* _ACTIVITY_
Apart from the pictures, every entry must be retyped exactly.

.....

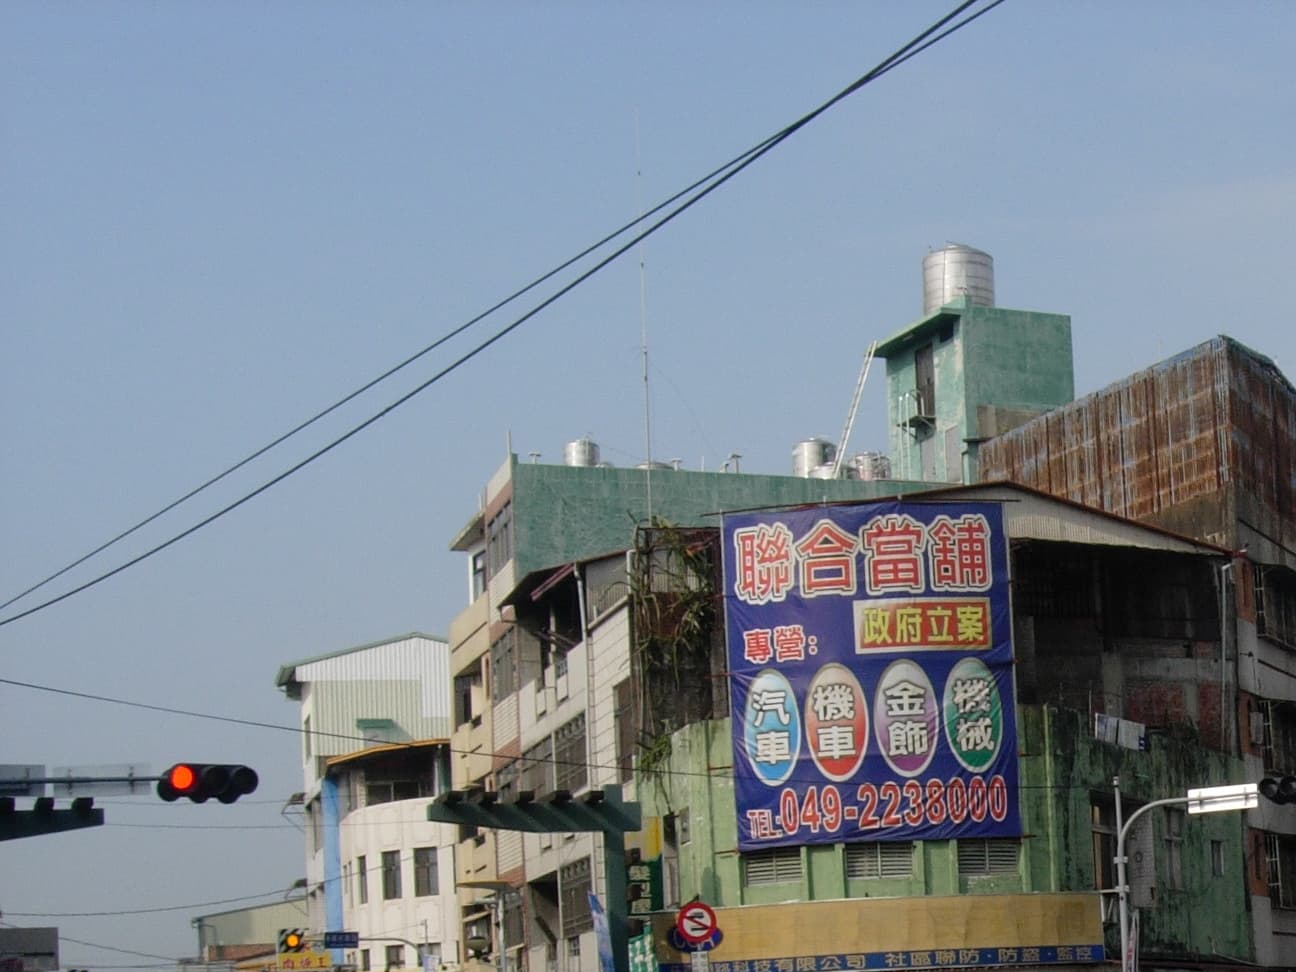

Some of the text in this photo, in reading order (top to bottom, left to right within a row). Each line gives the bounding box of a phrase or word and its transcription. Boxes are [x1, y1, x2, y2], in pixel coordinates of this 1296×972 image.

[862, 605, 985, 644] 政府立案
[751, 690, 791, 764] 汽車
[813, 683, 856, 760] 機車
[884, 680, 928, 756] 金飾
[952, 679, 995, 751] 機械

.....

* _RESPONSE BELOW_
Some of the text in this photo, in reading order (top to bottom, left to right within a row). Each line gives the bounding box of a phrase or word and its transcription. Boxes are [x1, y1, x2, y2], in pixel coordinates of this 1296×972 image.

[862, 605, 985, 644] 政府立案
[751, 690, 791, 764] 汽車
[813, 683, 856, 760] 機車
[884, 680, 928, 756] 金飾
[952, 679, 995, 751] 機械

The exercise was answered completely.